Sur les tables, les graines sont stockés dans toutes sortes de récipients : boites de bonbons « Tic-tac » ou de pellicules photos, bocaux de confitures, enveloppes miniatures faites main… Ici, on recycle, et on échange conseils et idées de bouquins. Des discussions sur les dates de semis, sur la manière dont on peut multiplier ses graines, ou sur les petits soucis rencontrés avec les rongeurs. « Quelqu’un sait quelle plante peut repousser les rats taupiers ? », demande une voix. La réponse fuse à l’autre bout de la cour : « Oui, le tourteau de ricin ». « Attention, c’est toxique pour les chats et les chiens », prévient une dame. « C’est pour cela qu’il faut enterrer le tourteau », entonne un voisin.

« Les trocs de graines sont des moments précieux pour apprendre les savoirs et savoirs-faire des jardiniers et agriculteurs qui produisaient quasiment tous leurs semences », explique Marie-Claude. Un constat partagé par Raphaëlle, convertie au jardinage depuis peu de temps. « Il faut discuter avec les autres de ses expériences et de ses déconvenues, pour trouver comment l’on veut faire du jardin. Personnellement, je veux un jardin qui vit mais qui ne nécessite pas un entretien important. Alors j’apprends, d’une rencontre à l’autre. »
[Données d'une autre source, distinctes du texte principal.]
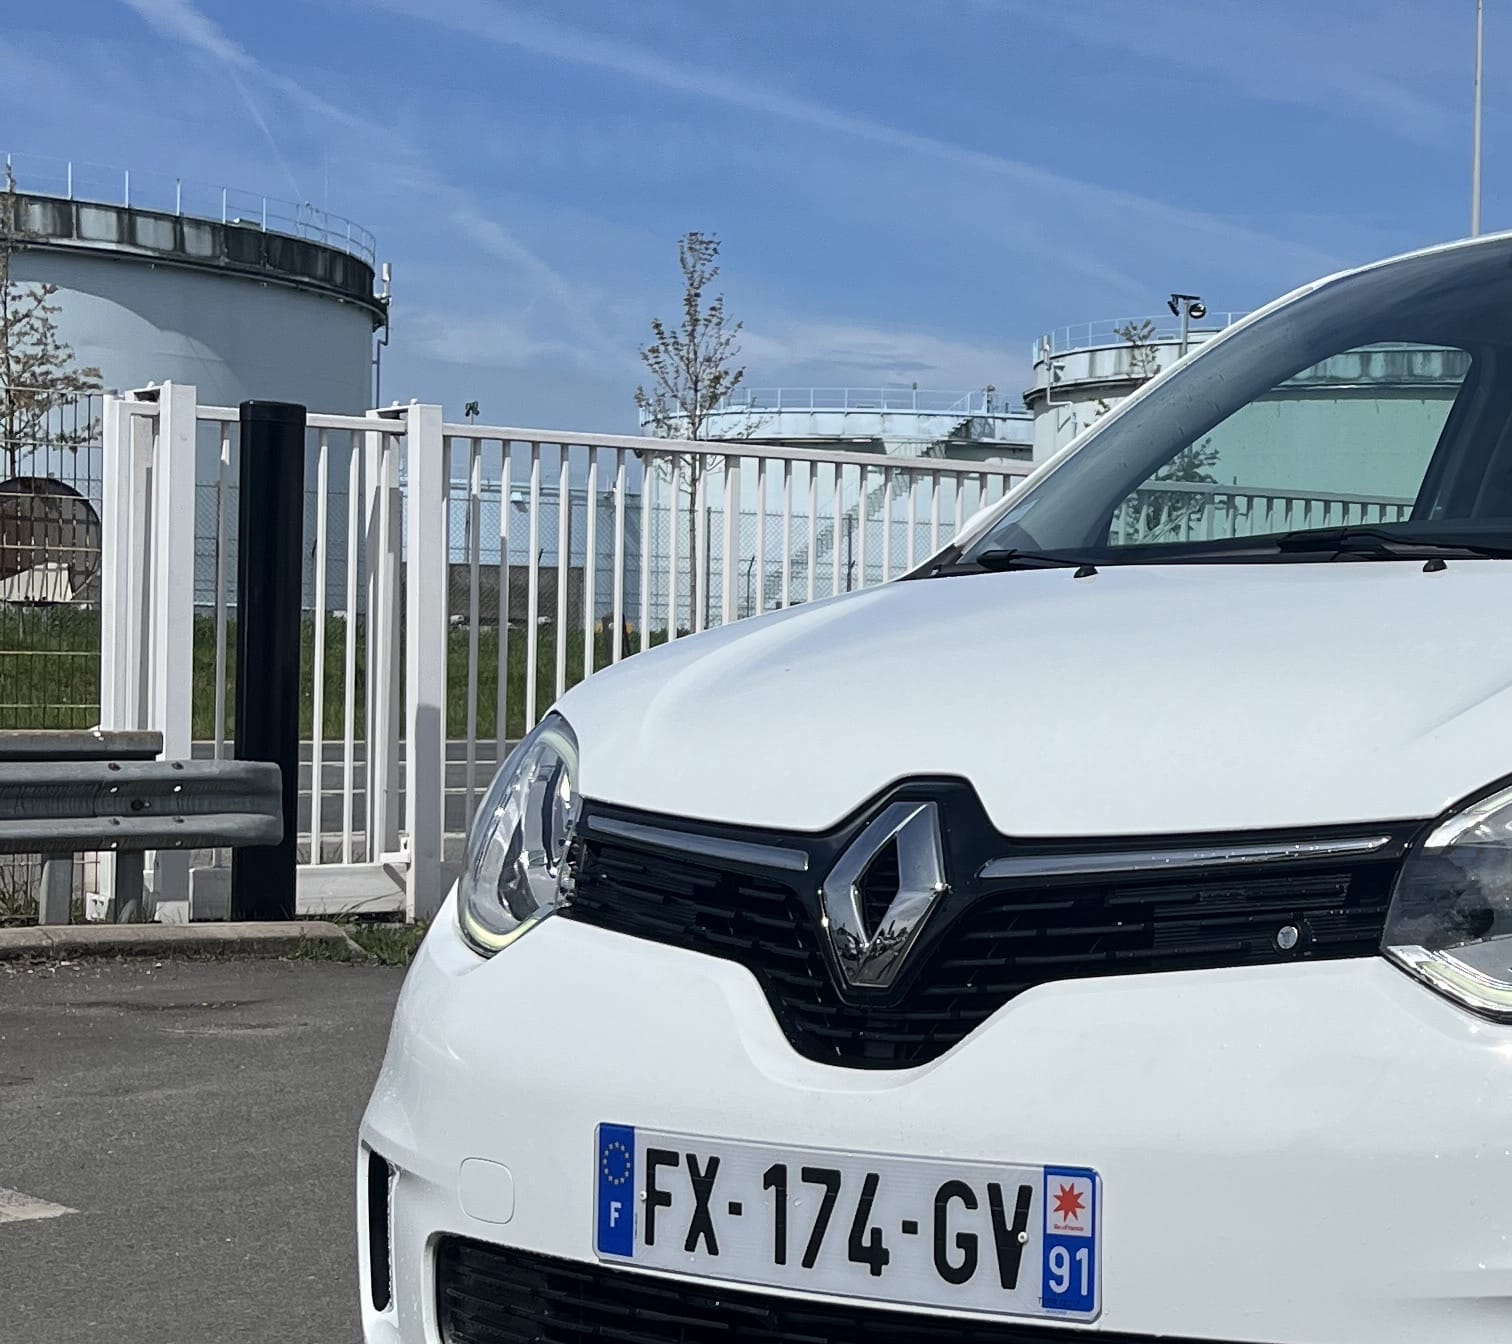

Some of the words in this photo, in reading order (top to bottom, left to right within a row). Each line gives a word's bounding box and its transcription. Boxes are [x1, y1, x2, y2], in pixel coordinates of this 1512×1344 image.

[610, 1201, 622, 1228] F
[644, 1148, 1033, 1290] FX-174-GV
[1049, 1245, 1088, 1296] 91
Lutter contre l’effondrement de la biodiversité

Adhérente de la maison des semences de la Loire, lancée en 2012, Marie-Claude veut contribuer à défendre la biodiversité en la cultivant et en l’échangeant. Elle dénonce un cadre législatif qui confisque les droits d’échanger ou de donner des graines et des plantes, pourtant conservées dans les champs et les jardins depuis des centaines d’années (lire notre dossier Main basse sur les semences). « La biodiversité est en train de s’effondrer : les grands semenciers s’intéressent à des variétés issues d’une base génétique de plus en plus étroite. Or, les graines que nous échangeons et ressemons se modifient légèrement d’une année à l’autre, c’est très précieux. Et quelle joie de voir le résultat quand ça marche ! »

Grâce à ces échanges de graines, qui se multiplient partout dans l’Hexagone, les citoyens évitent d’acheter des semences hybrides non reproductibles vendues par l’agro-industrie. « Il faut se réapproprier la nourriture que l’on mange et le jardin floral pour éviter de se faire bouffer par les grands semenciers », appuie Bernard. Depuis deux ans, cet apiculteur à la retraite collectionne les sauges. « Il existe au moins 800 variétés de sauges et je n’en ai que 40 ! », explique ce passionné, prêt à en donner pour assurer leur reproduction dans de multiples lieux. Trois ans après sa création, la maison de la semence de la Loire a multiplié ses activités : dans les fermes, les jardins, les associations… Ce qui fait la richesse de cette « maison », c’est le réseau qui la fait vivre. « Ici, c’est un tout petit bout de la maison de la semence, se réjouit Marie-Claude, elle est un peu répartie partout ». Et elle ne demande qu’à essaimer.